_TRY IT_
Leave out the images and output the records word for word.

[Dataset excerpts]

........

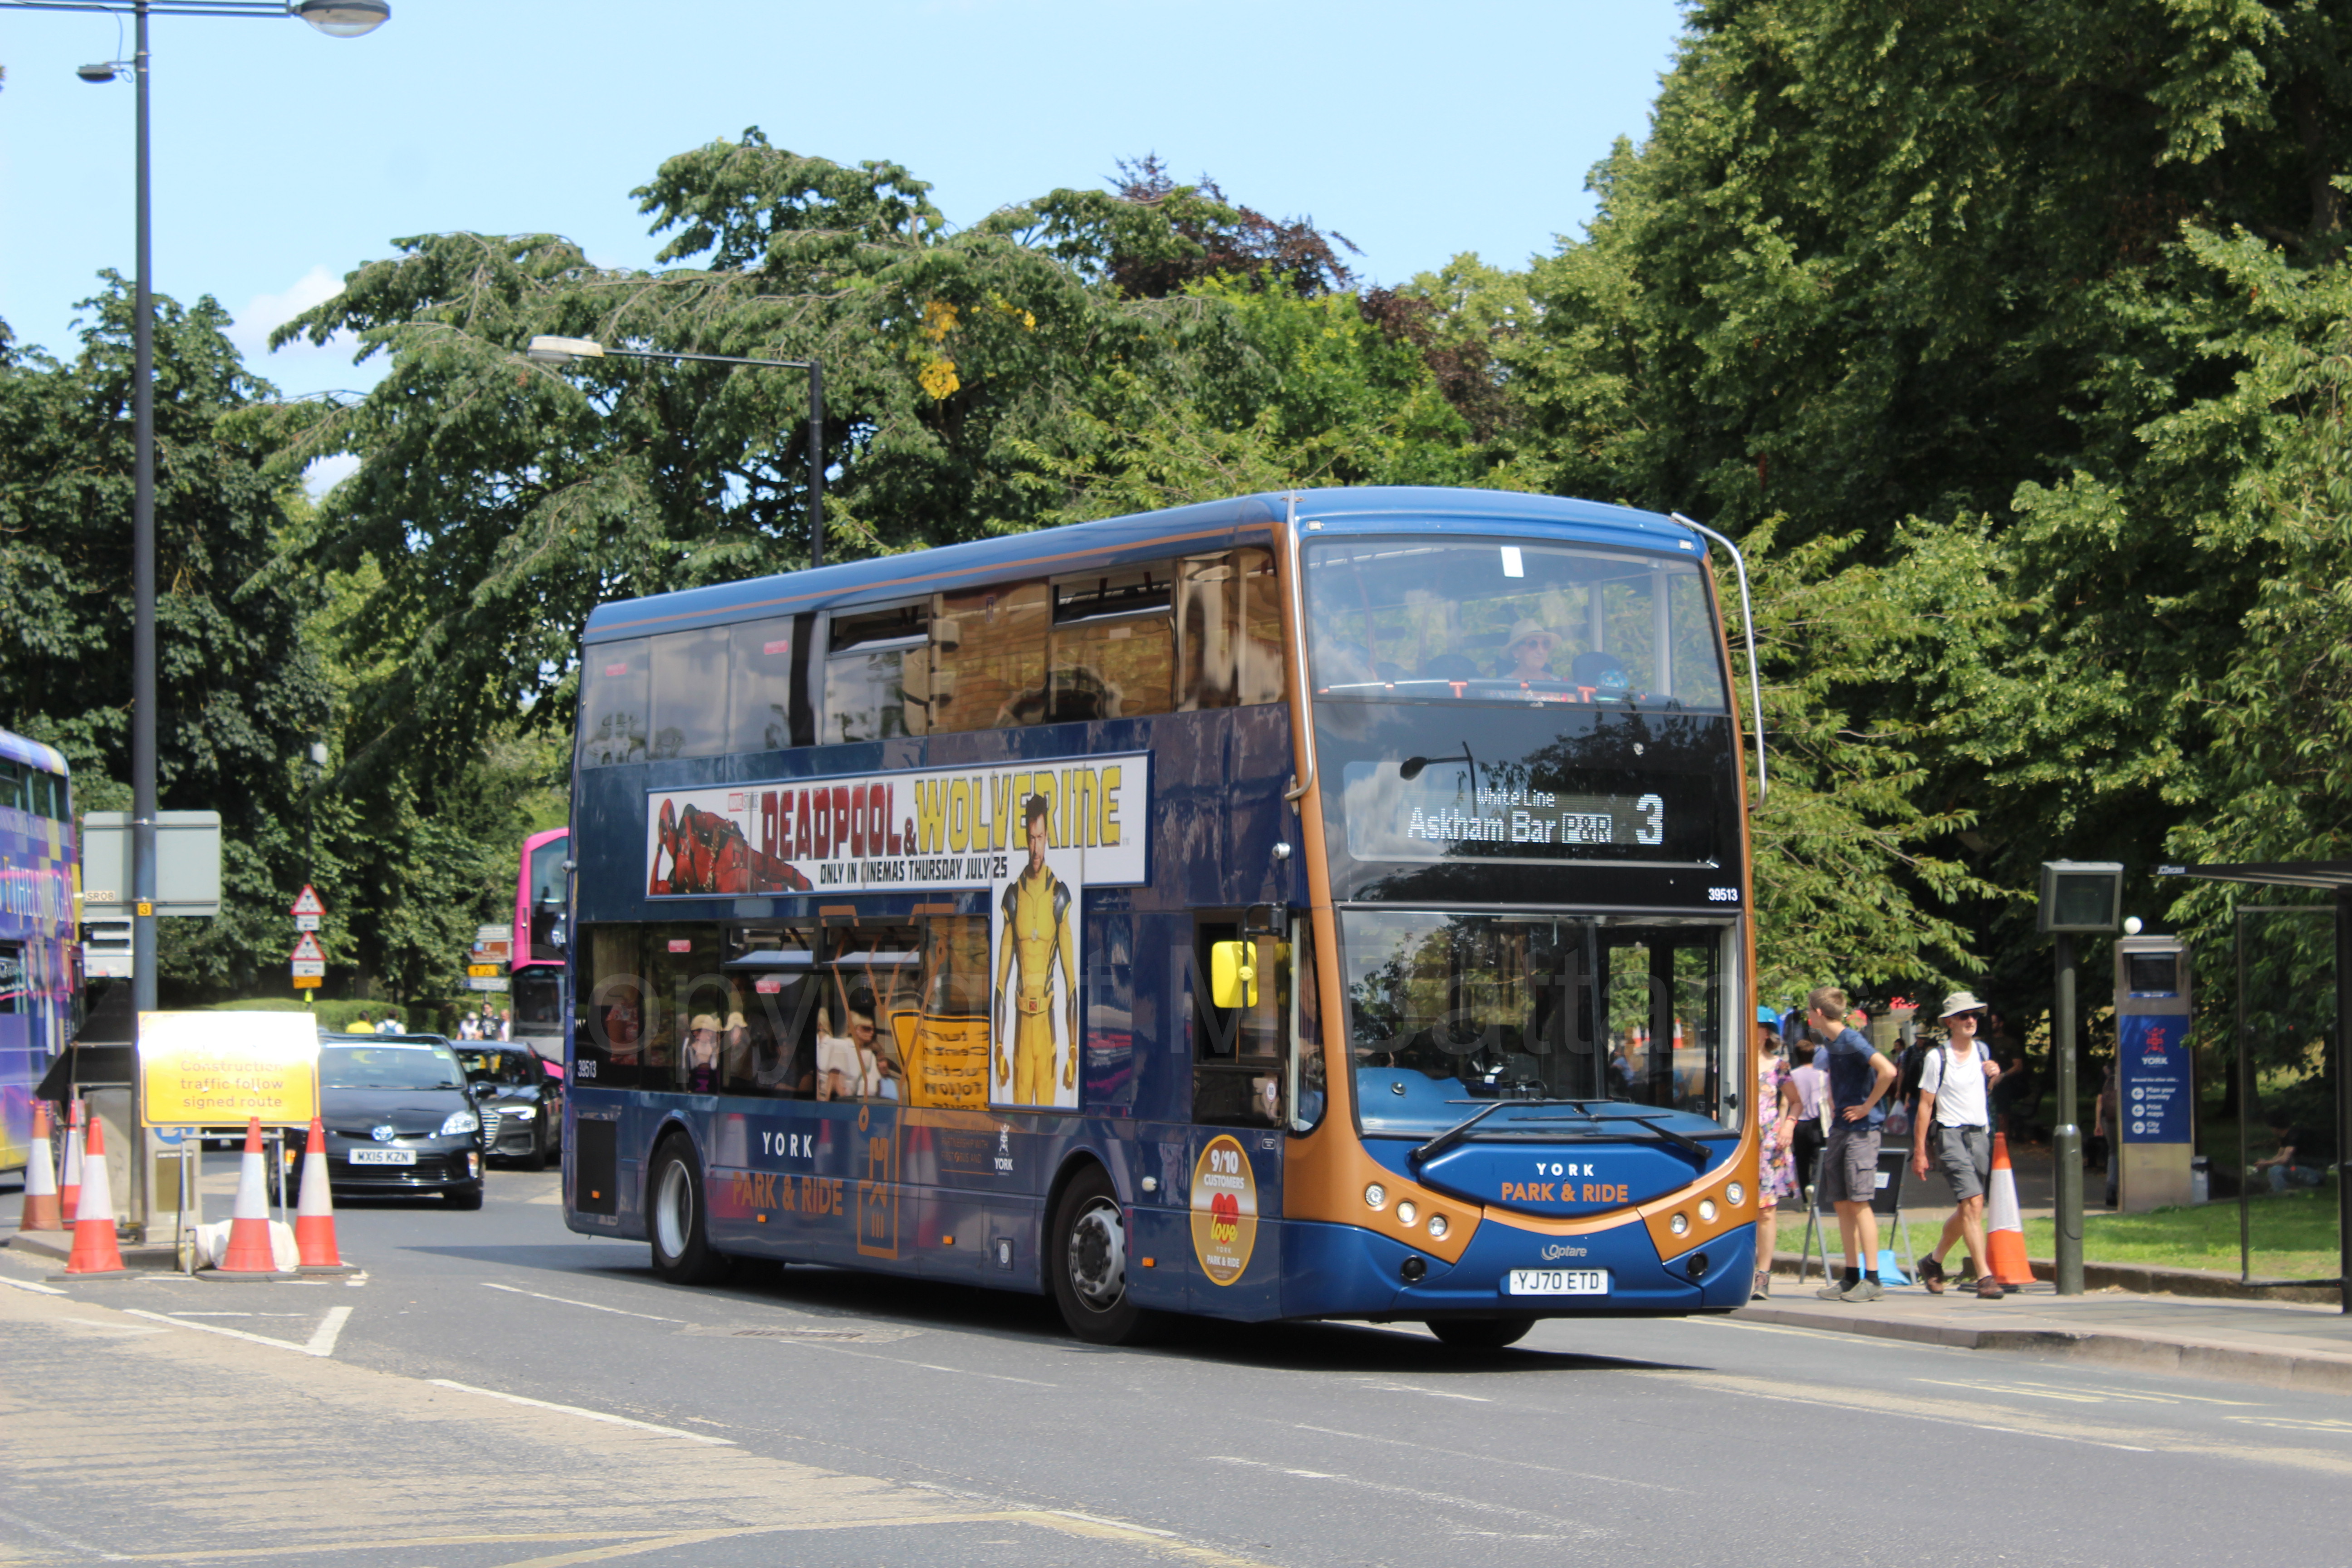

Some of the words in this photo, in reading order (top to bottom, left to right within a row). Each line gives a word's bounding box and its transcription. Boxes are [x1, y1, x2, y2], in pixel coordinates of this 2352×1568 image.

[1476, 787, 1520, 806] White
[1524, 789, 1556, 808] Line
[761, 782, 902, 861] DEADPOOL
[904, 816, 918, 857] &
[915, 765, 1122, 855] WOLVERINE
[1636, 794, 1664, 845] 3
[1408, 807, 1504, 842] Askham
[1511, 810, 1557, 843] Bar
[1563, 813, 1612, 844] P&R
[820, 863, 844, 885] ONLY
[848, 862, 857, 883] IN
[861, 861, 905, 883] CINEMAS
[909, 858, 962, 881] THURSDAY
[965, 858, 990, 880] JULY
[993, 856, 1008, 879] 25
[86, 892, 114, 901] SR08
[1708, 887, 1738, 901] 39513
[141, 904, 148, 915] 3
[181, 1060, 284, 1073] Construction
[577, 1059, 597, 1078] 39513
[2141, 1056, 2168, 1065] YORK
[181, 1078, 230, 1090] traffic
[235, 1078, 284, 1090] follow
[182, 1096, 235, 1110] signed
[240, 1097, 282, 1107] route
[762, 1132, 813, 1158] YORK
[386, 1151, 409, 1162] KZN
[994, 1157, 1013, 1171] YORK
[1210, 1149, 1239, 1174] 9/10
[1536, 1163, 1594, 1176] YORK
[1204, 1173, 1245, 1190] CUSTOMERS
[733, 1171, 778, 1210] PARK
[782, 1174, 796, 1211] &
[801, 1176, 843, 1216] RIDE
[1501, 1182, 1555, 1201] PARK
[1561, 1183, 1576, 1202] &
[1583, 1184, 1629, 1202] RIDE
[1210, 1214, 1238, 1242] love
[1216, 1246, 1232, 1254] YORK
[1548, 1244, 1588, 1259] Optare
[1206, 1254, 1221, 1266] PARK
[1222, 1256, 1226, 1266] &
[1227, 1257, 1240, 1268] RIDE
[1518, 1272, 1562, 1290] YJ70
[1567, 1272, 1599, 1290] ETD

........

_EXERCISE ANSWER_
Some of the words in this photo, in reading order (top to bottom, left to right within a row). Each line gives a word's bounding box and its transcription. Boxes are [x1, y1, x2, y2], in pixel coordinates of this 2352×1568 image.

[1476, 787, 1520, 806] White
[1524, 789, 1556, 808] Line
[761, 782, 902, 861] DEADPOOL
[904, 816, 918, 857] &
[915, 765, 1122, 855] WOLVERINE
[1636, 794, 1664, 845] 3
[1408, 807, 1504, 842] Askham
[1511, 810, 1557, 843] Bar
[1563, 813, 1612, 844] P&R
[820, 863, 844, 885] ONLY
[848, 862, 857, 883] IN
[861, 861, 905, 883] CINEMAS
[909, 858, 962, 881] THURSDAY
[965, 858, 990, 880] JULY
[993, 856, 1008, 879] 25
[86, 892, 114, 901] SR08
[1708, 887, 1738, 901] 39513
[141, 904, 148, 915] 3
[181, 1060, 284, 1073] Construction
[577, 1059, 597, 1078] 39513
[2141, 1056, 2168, 1065] YORK
[181, 1078, 230, 1090] traffic
[235, 1078, 284, 1090] follow
[182, 1096, 235, 1110] signed
[240, 1097, 282, 1107] route
[762, 1132, 813, 1158] YORK
[386, 1151, 409, 1162] KZN
[994, 1157, 1013, 1171] YORK
[1210, 1149, 1239, 1174] 9/10
[1536, 1163, 1594, 1176] YORK
[1204, 1173, 1245, 1190] CUSTOMERS
[733, 1171, 778, 1210] PARK
[782, 1174, 796, 1211] &
[801, 1176, 843, 1216] RIDE
[1501, 1182, 1555, 1201] PARK
[1561, 1183, 1576, 1202] &
[1583, 1184, 1629, 1202] RIDE
[1210, 1214, 1238, 1242] love
[1216, 1246, 1232, 1254] YORK
[1548, 1244, 1588, 1259] Optare
[1206, 1254, 1221, 1266] PARK
[1222, 1256, 1226, 1266] &
[1227, 1257, 1240, 1268] RIDE
[1518, 1272, 1562, 1290] YJ70
[1567, 1272, 1599, 1290] ETD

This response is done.